The secret of the sauna: its effect on exosomes and their health benefits
Exosomes are small, vesicle-like structures released by cells in the body. They belong to the group of extracellular vesicles, i.e. they are small particles that are found outside cells in the body’s circulation. Exosomes have a double lipid layer, similar to the cell membrane, and have a diameter of 30 to 150 nanometres.
Exosomes contain various molecules, including proteins, lipids, and RNA (ribonucleic acid), which come from the cell that releases them. These molecules can act as signalling molecules and influence the behaviour of other cells in the body. For example, exosomes released by one cell can be taken up by another cell and influence the receiving cell.
Exosomes play an important role in various physiological processes such as cell-to-cell communication, immune response and tissue regeneration. They are also involved in various pathological processes such as inflammation, cancer and neurodegenerative diseases. Because of their important role in many processes in the body, exosomes are an active area of research and could be used for diagnostic or therapeutic purposes in the future.
The effects of heat on cells
It is known that exposure to heat during a sauna session leads to an increase in body temperature, which triggers a stress response in the cells. This response involves the activation of heat shock proteins (HSPs), which help protect cells from heat-related damage and oxidative stress. HSPs also play a role in regulating exosome production. Some studies have shown that heat exposure increases exosome production in different cell types.
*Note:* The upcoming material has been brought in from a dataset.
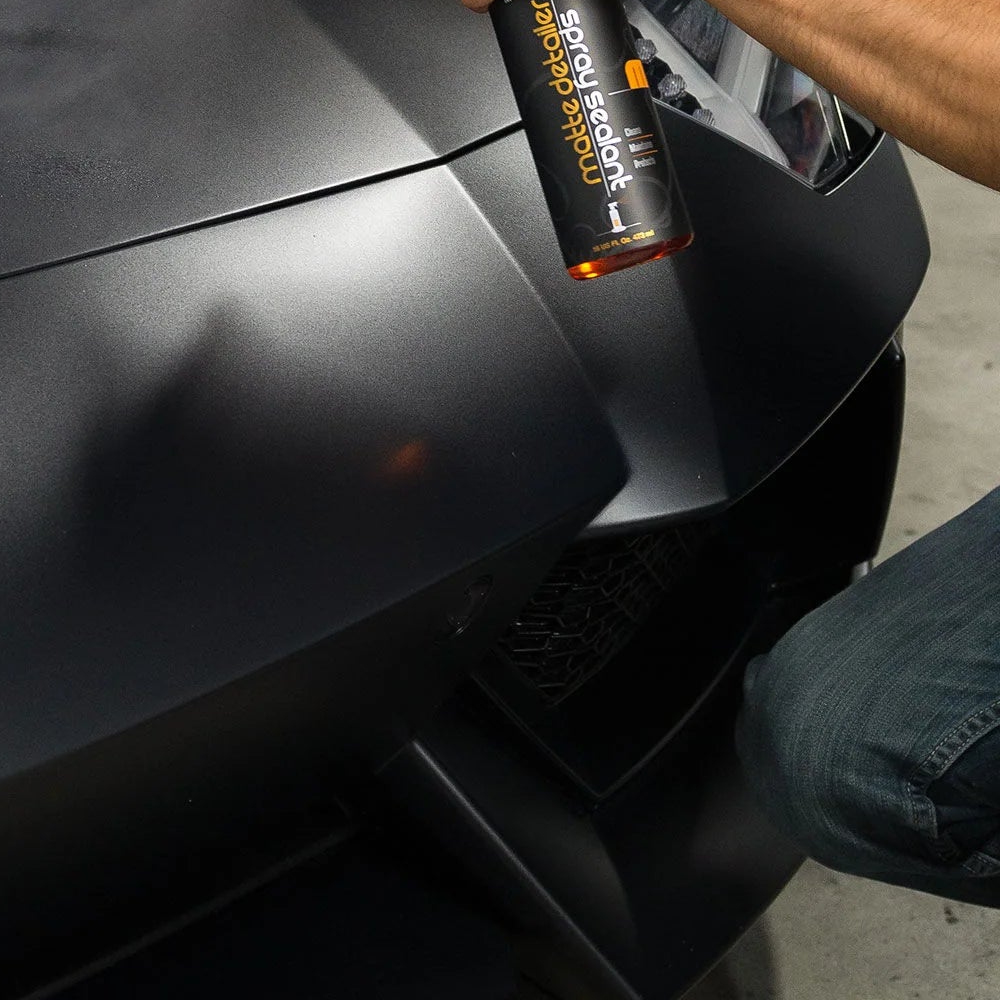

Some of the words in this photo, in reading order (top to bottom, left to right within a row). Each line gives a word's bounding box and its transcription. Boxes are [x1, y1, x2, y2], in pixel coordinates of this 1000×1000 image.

[530, 0, 575, 96] detailer
[558, 8, 599, 89] spray
[584, 90, 633, 192] sealant
[561, 98, 602, 185] matte
It is thought that this increased exosome production may be a way for cells to protect themselves from the damaging effects of heat stress. The exosomes could remove harmful molecules from the cells and pass them on to other cells to warn them or help them prepare for the stress.
Exosomes and inflammation
There is evidence that exosomes play an important role in regulating inflammatory processes in the body. They may contain anti-inflammatory molecules and pass them on to cells involved in the inflammatory response to modulate that response. On the other hand, exosomes could also contain pro-inflammatory molecules and thus increase the inflammatory response.
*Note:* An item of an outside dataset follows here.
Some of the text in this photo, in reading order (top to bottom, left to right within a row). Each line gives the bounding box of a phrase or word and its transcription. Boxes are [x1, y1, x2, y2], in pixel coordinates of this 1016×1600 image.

Some studies suggest that regular sauna sessions reduce inflammatory processes in the body. One study showed that the number of circulating inflammatory markers was significantly lower in people who regularly went to the sauna than in people who did not. It is possible that this anti-inflammatory effect of sauna is partly due to its influence on the production and function of exosomes, but more research is needed to confirm this.
Exosomes and the immune system
Exosomes may also play a key role in regulating the immune system. They might contain antigens and present them to immune cells to stimulate or modulate the immune response. In addition, exosomes may also contain immunomodulatory molecules that influence immune cell activity.
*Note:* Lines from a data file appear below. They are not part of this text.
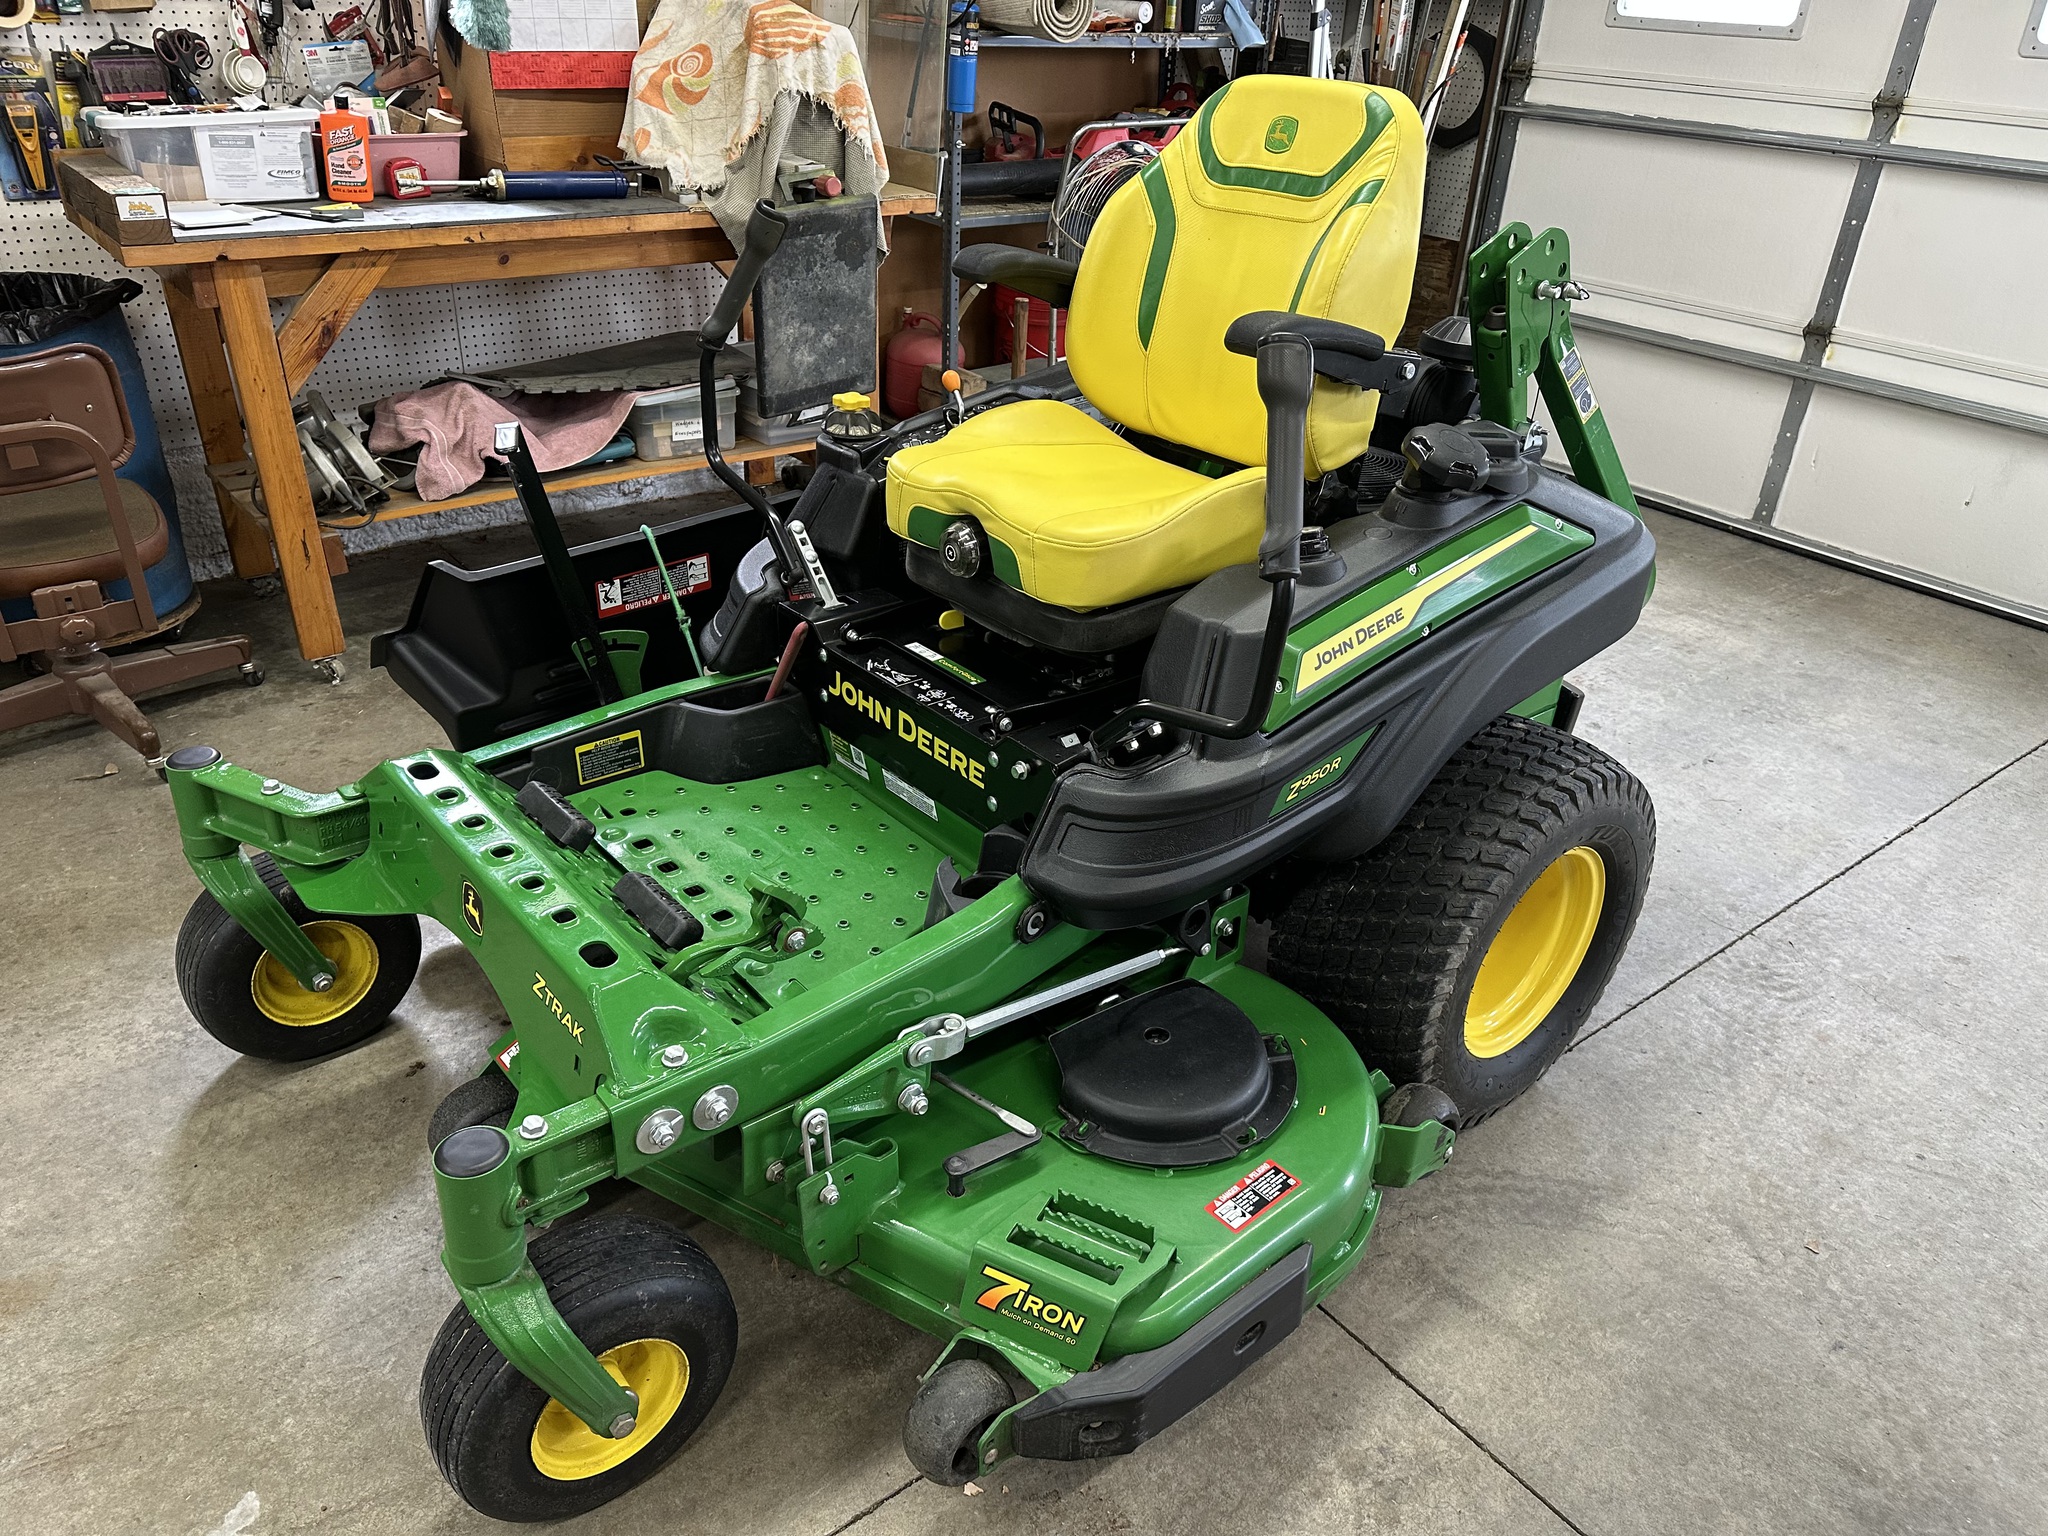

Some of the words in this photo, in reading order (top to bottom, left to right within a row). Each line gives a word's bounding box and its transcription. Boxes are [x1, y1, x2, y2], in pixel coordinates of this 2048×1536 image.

[1199, 13, 1222, 24] SHOP
[305, 49, 318, 57] 3M
[329, 124, 356, 140] FAST
[330, 133, 357, 146] ORANGE
[330, 161, 345, 169] Hand
[331, 167, 353, 175] Cleaner
[662, 588, 687, 601] DANER
[625, 600, 652, 611] PELIGRO
[1314, 637, 1354, 671] JOHN
[1355, 607, 1405, 646] DEERE
[828, 670, 891, 730] JOHN
[898, 709, 986, 790] DEERE
[598, 737, 620, 747] CAUTION
[1285, 756, 1342, 803] Z950R
[532, 970, 586, 1047] ZTRAK
[1218, 1184, 1241, 1201] DANGER
[1248, 1162, 1271, 1180] PELIGRO
[1000, 1308, 1022, 1322] Mulch
[1022, 1319, 1032, 1327] on
[1033, 1322, 1065, 1341] Demand
[1065, 1336, 1077, 1346] 60
There is evidence that sauna sessions strengthen the immune system by increasing the production of white blood cells and other immune cells. It is possible that heat exposure also affects the production and function of exosomes, which are involved in regulating the immune response, but again, more research is needed to clarify this.
Exosomes and the cardiovascular system
There is also evidence that exosomes play a role in regulating the cardiovascular system. They might influence blood vessel cells by transferring molecules that affect blood vessel function, such as nitric oxide (NO), which dilates blood vessels.
Some studies have shown that saunas have a positive effect on the cardiovascular system by lowering blood pressure and improving blood flow. It is conceivable that exposure to heat during a sauna session affects the production and function of exosomes, which are involved in regulating blood vessels.
Taking a sauna: More than just relaxation?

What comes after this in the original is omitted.